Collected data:
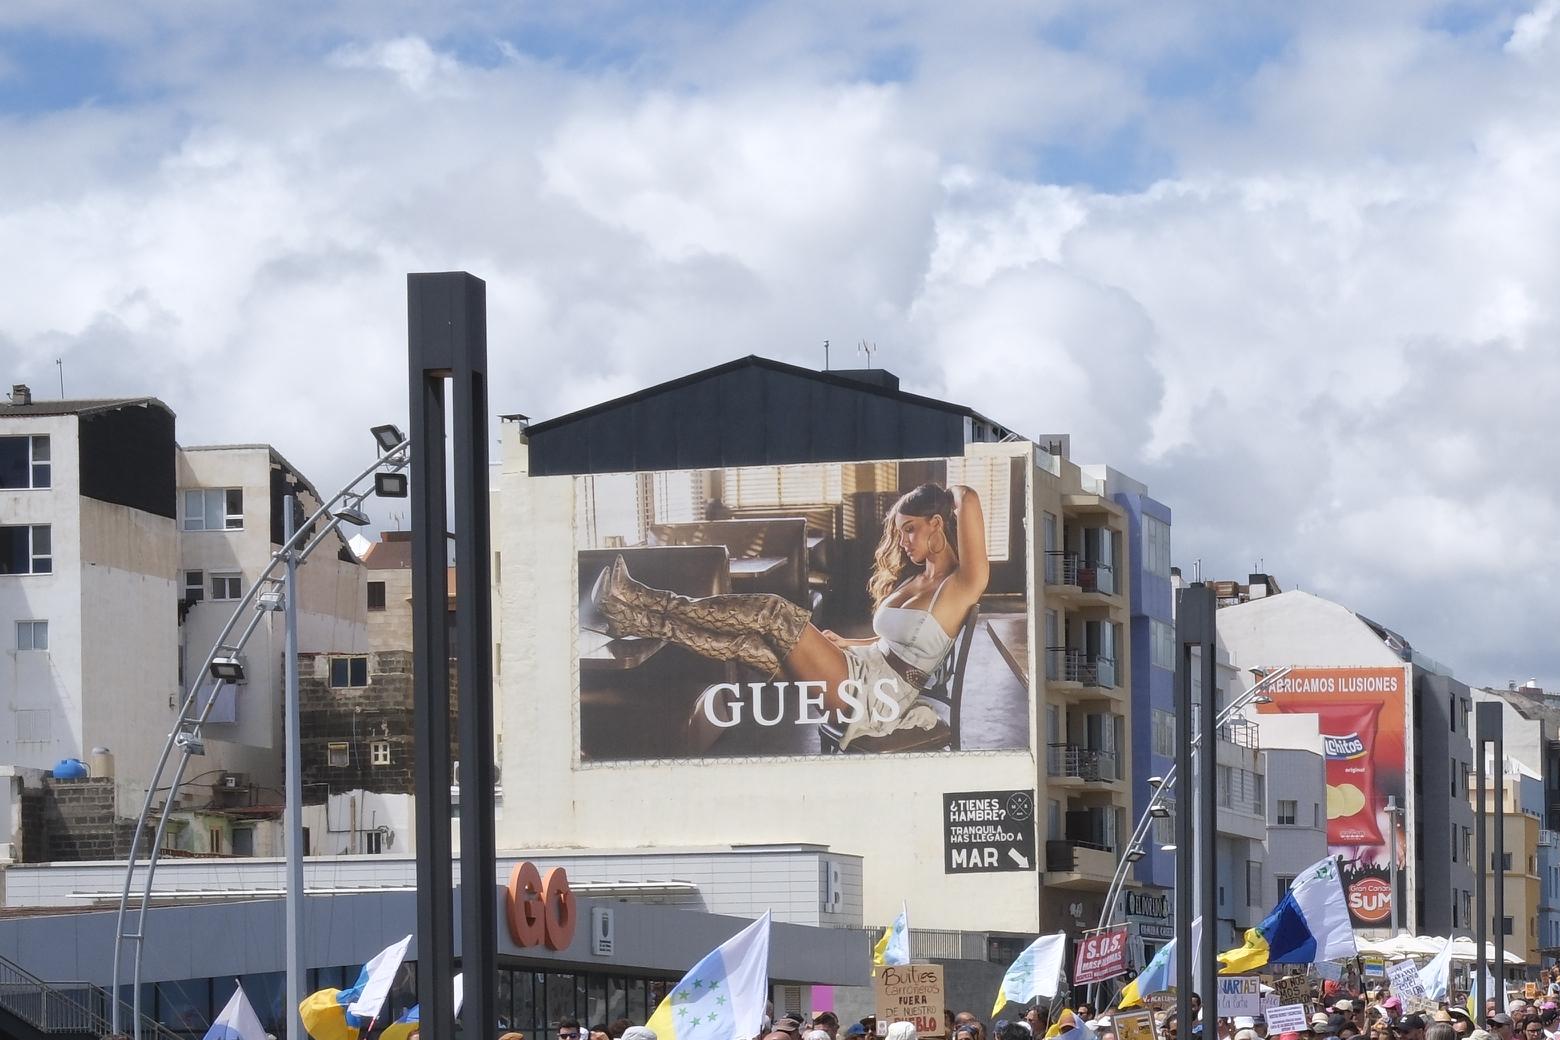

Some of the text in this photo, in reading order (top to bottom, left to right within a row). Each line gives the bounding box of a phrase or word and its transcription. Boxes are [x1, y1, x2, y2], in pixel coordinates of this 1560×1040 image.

[1338, 677, 1398, 692] ILUSIONES
[703, 677, 901, 728] GUESS
[950, 799, 1000, 811] ¿TIENES
[950, 809, 1007, 822] HAMBRE?
[950, 825, 1003, 835] TRANQUILA
[950, 831, 1023, 843] HAS LLEGADO A
[951, 847, 999, 868] MAR
[1350, 885, 1367, 893] Gran
[506, 861, 577, 951] GO
[1350, 892, 1393, 911] SUM
[1086, 934, 1121, 959] S.O.S.
[1275, 975, 1305, 990] NO NOS
[899, 994, 928, 1006] FUERA
[885, 1007, 898, 1018] DE
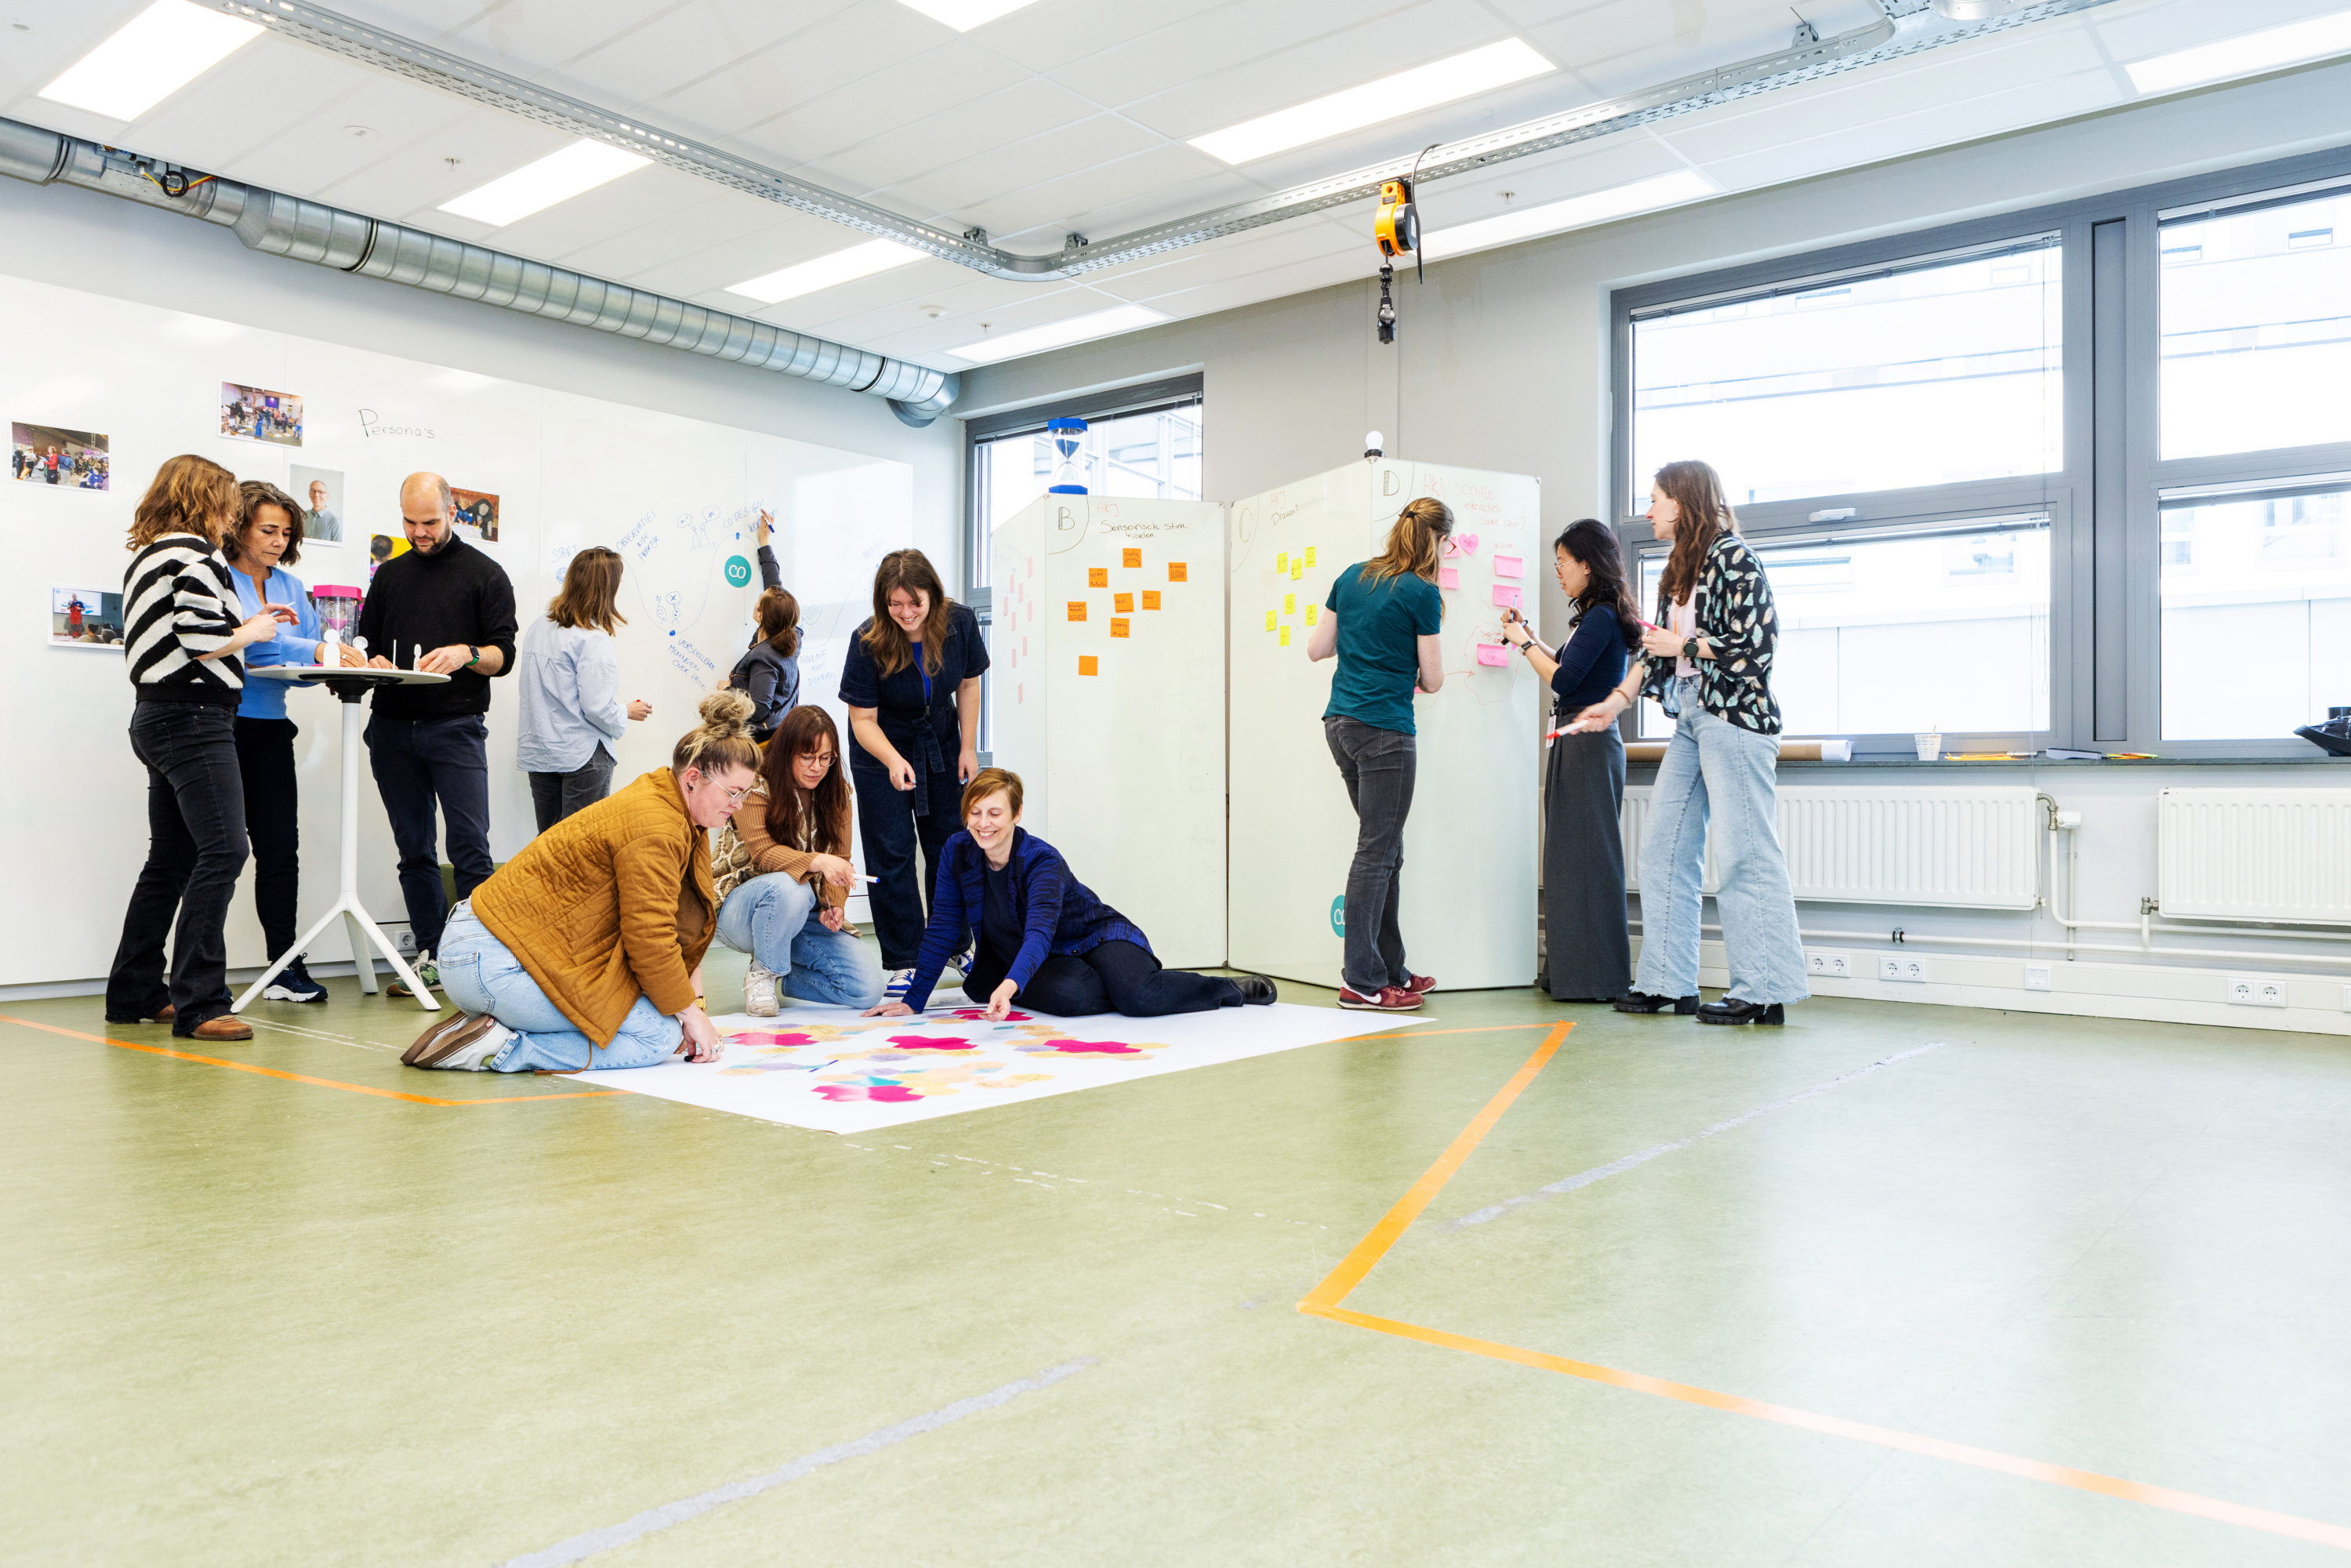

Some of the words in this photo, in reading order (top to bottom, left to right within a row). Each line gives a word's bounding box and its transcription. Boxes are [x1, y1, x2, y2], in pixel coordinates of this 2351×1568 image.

[357, 408, 436, 439] Persona's
[1383, 470, 1400, 496] D
[1058, 506, 1076, 531] B
[1100, 519, 1159, 534] Sensorisch
[1239, 507, 1253, 543] C
[551, 543, 578, 564] START
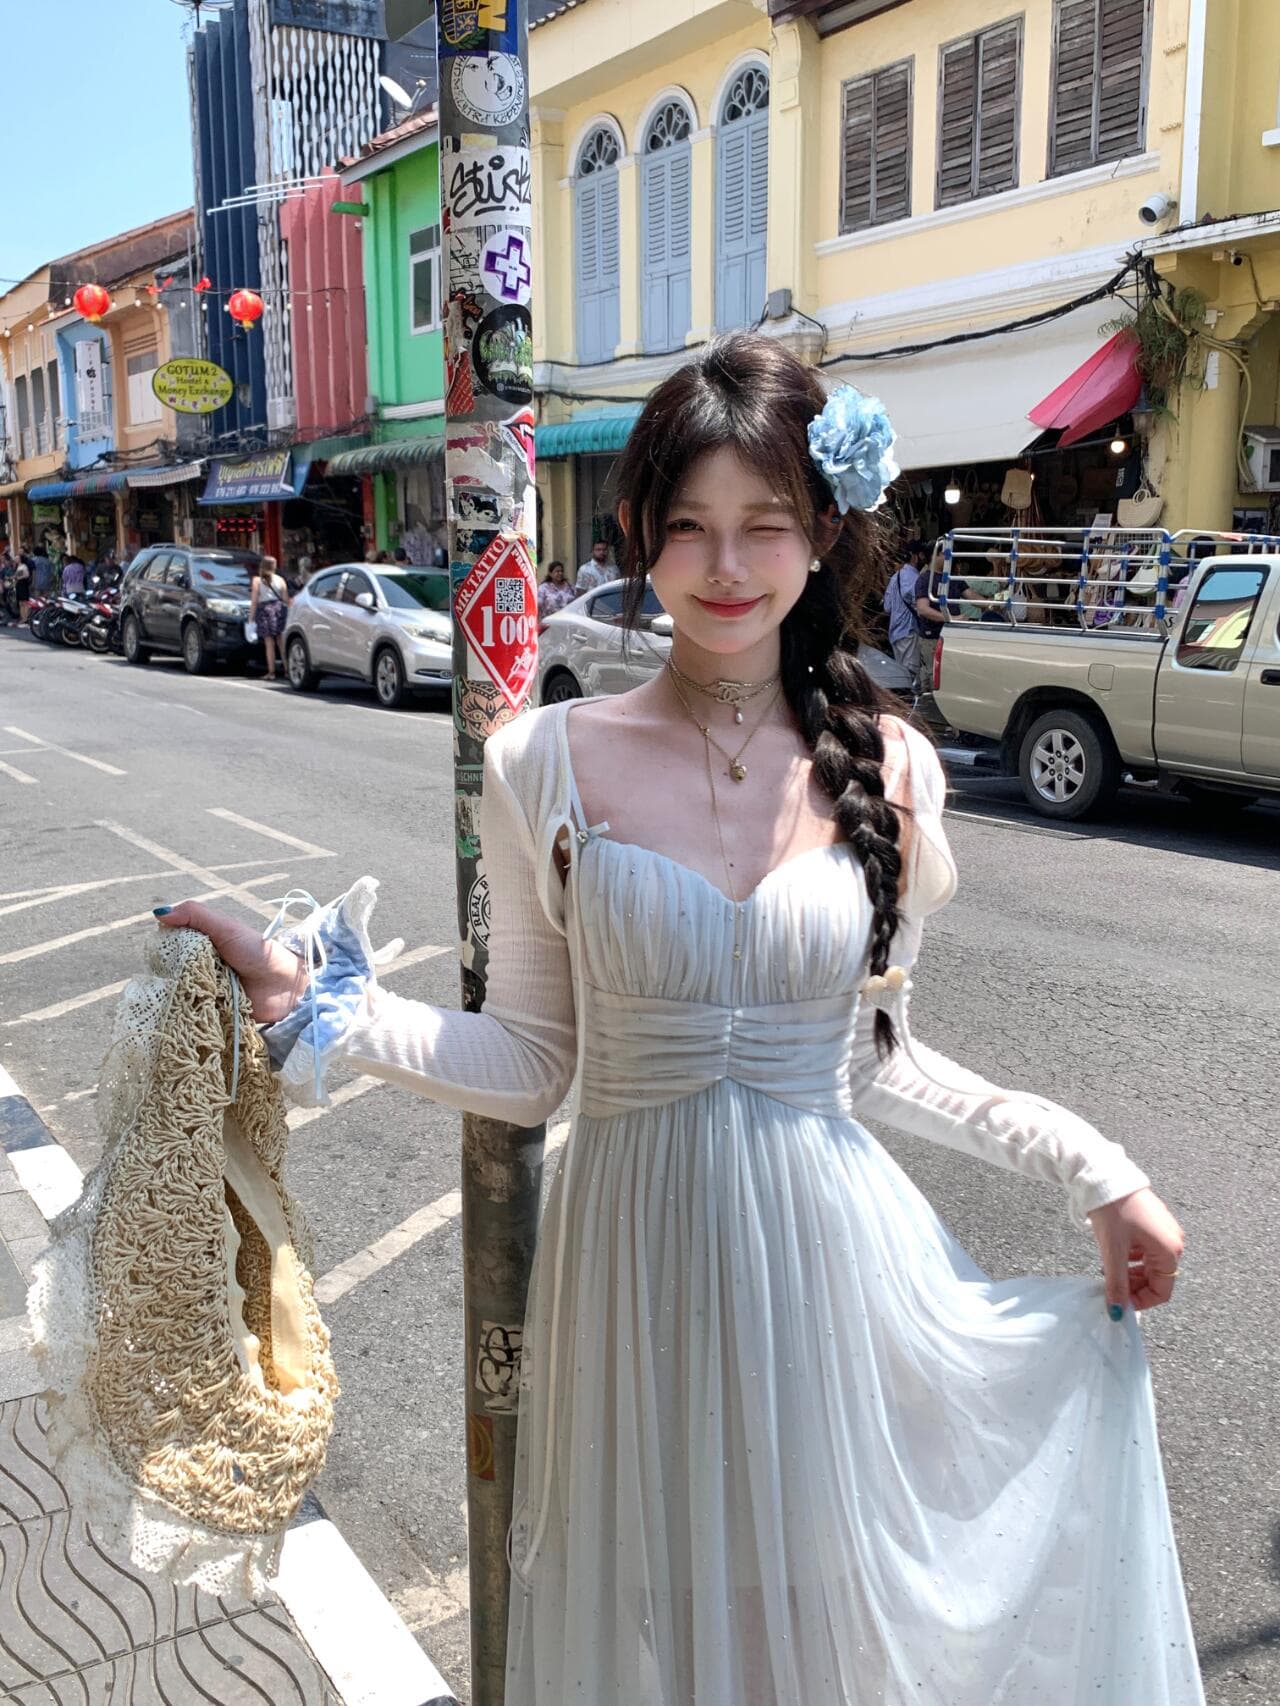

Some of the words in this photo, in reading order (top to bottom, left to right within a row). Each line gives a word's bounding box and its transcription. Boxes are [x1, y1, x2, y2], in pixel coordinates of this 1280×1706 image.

[158, 385, 188, 397] Money
[188, 385, 230, 398] Exchange
[471, 893, 482, 928] REAL

▸ EXERCISE DESCRIPTION:
What is needed is a verbatim copy of every entry, with the pictures omitted.

▸ RESULT OF THE TASK:
Some of the text in this photo, in reading order (top to bottom, left to right within a row). Each line gives the bounding box of a phrase or word and its transcription. Boxes are [x1, y1, x2, y2], in pixel coordinates of this 1560×1040 image.

[1338, 677, 1398, 692] ILUSIONES
[703, 677, 901, 728] GUESS
[950, 799, 1000, 811] ¿TIENES
[950, 809, 1007, 822] HAMBRE?
[950, 825, 1003, 835] TRANQUILA
[950, 831, 1023, 843] HAS LLEGADO A
[951, 847, 999, 868] MAR
[1350, 885, 1367, 893] Gran
[506, 861, 577, 951] GO
[1350, 892, 1393, 911] SUM
[1086, 934, 1121, 959] S.O.S.
[1275, 975, 1305, 990] NO NOS
[899, 994, 928, 1006] FUERA
[885, 1007, 898, 1018] DE

Some of the words in this photo, in reading order (top to bottom, left to right within a row). Each line gives a word's bounding box and its transcription. Boxes are [x1, y1, x2, y2], in pixel coordinates of this 2351×1568 image.

[357, 408, 436, 439] Persona's
[1383, 470, 1400, 496] D
[1058, 506, 1076, 531] B
[1100, 519, 1159, 534] Sensorisch
[1239, 507, 1253, 543] C
[551, 543, 578, 564] START

Some of the words in this photo, in reading order (top to bottom, left to right within a row). Each line gives a word's bounding box and its transcription. Boxes are [x1, y1, x2, y2], in pixel coordinates of this 1280×1706 image.

[158, 385, 188, 397] Money
[188, 385, 230, 398] Exchange
[471, 893, 482, 928] REAL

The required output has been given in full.